*EXERCISE:*
Write out the entire listing below exactly, with the pictures left out.

*DATA EXTRACT:*
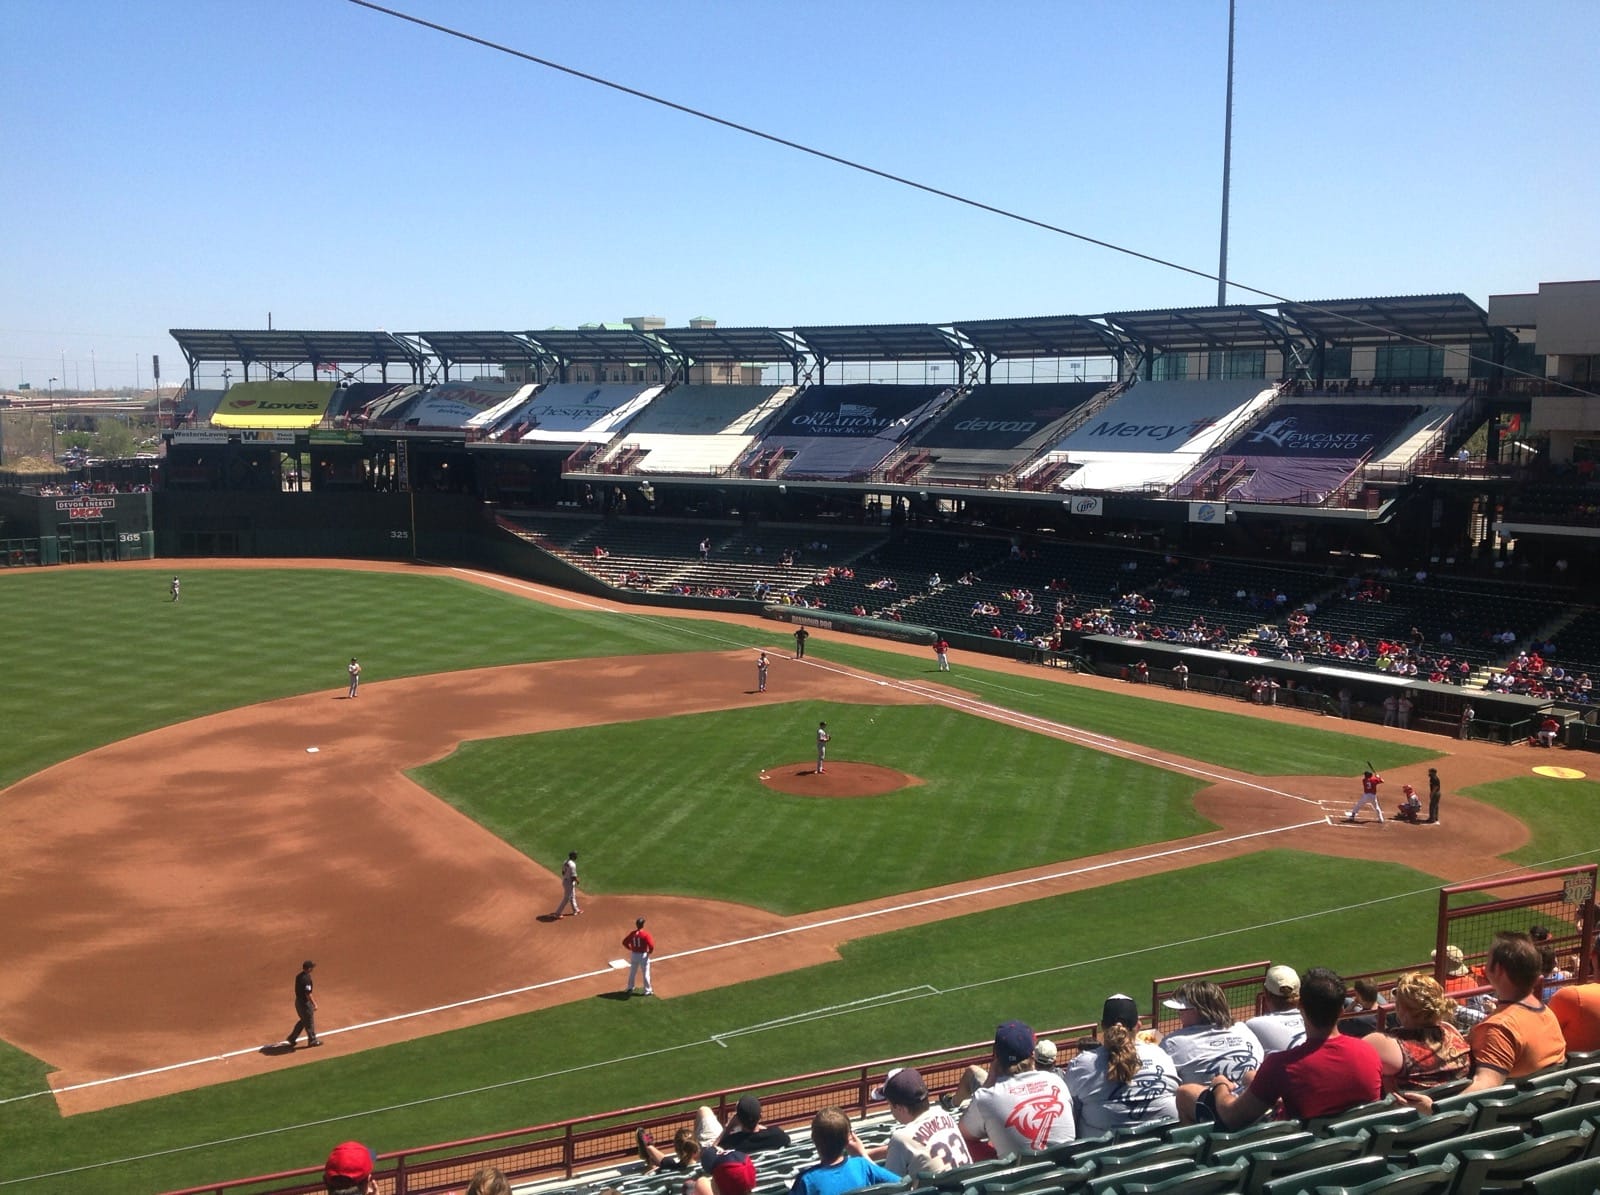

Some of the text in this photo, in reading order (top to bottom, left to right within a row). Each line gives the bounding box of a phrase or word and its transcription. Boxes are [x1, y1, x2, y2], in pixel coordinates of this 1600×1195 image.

[257, 400, 319, 410] Love's
[792, 415, 912, 427] OKLAHOMAN
[954, 417, 1037, 432] devon
[1088, 421, 1187, 441] Mercy
[242, 432, 275, 441] WM
[1288, 441, 1358, 449] CASINO
[70, 508, 103, 518] DECK
[119, 533, 141, 542] 365
[390, 531, 409, 539] 325
[1564, 884, 1593, 901] 202
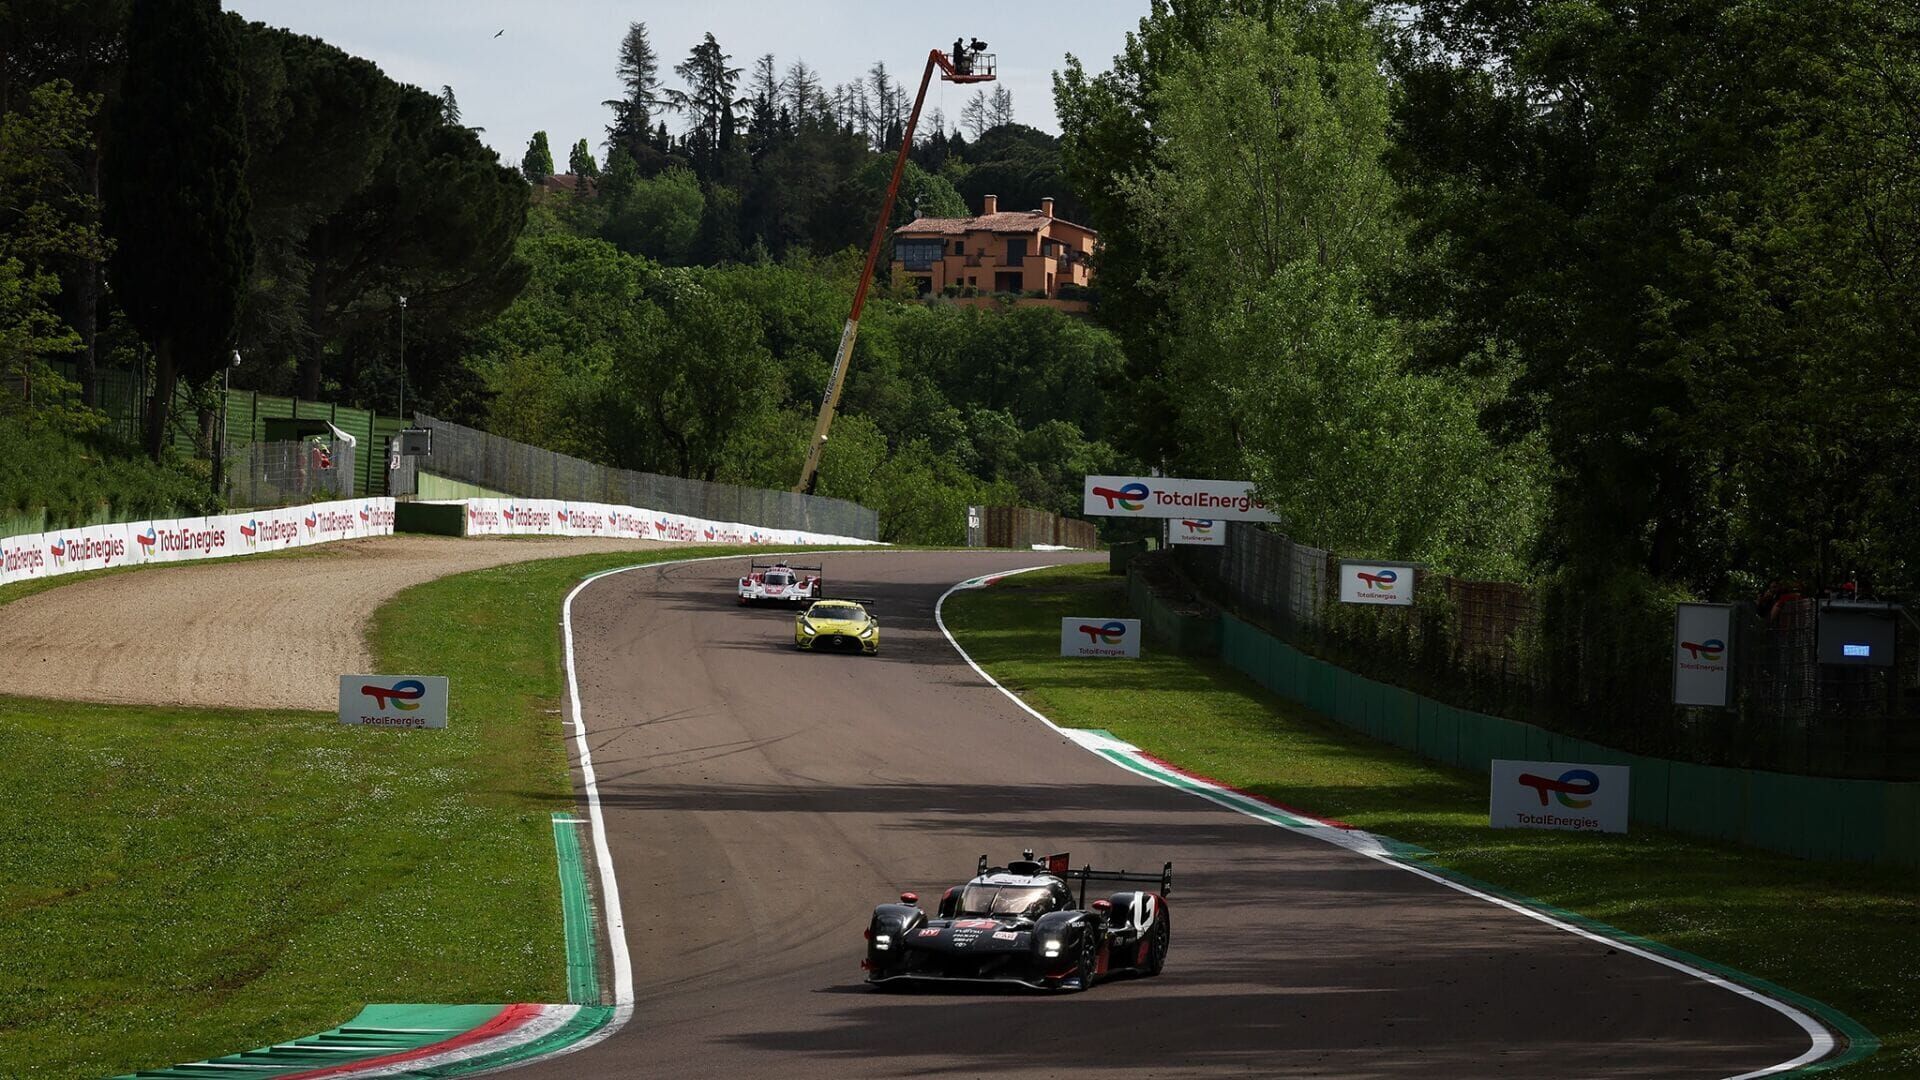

*RESPONSE TO THE EXERCISE:*
Some of the text in this photo, in reading order (top to bottom, left to right within a row). Each line gives the bounding box of a phrase or word and its transcription. Boxes are [x1, y1, x2, y2], in pixel coordinates of this 1600×1195 image.

[257, 400, 319, 410] Love's
[792, 415, 912, 427] OKLAHOMAN
[954, 417, 1037, 432] devon
[1088, 421, 1187, 441] Mercy
[242, 432, 275, 441] WM
[1288, 441, 1358, 449] CASINO
[70, 508, 103, 518] DECK
[119, 533, 141, 542] 365
[390, 531, 409, 539] 325
[1564, 884, 1593, 901] 202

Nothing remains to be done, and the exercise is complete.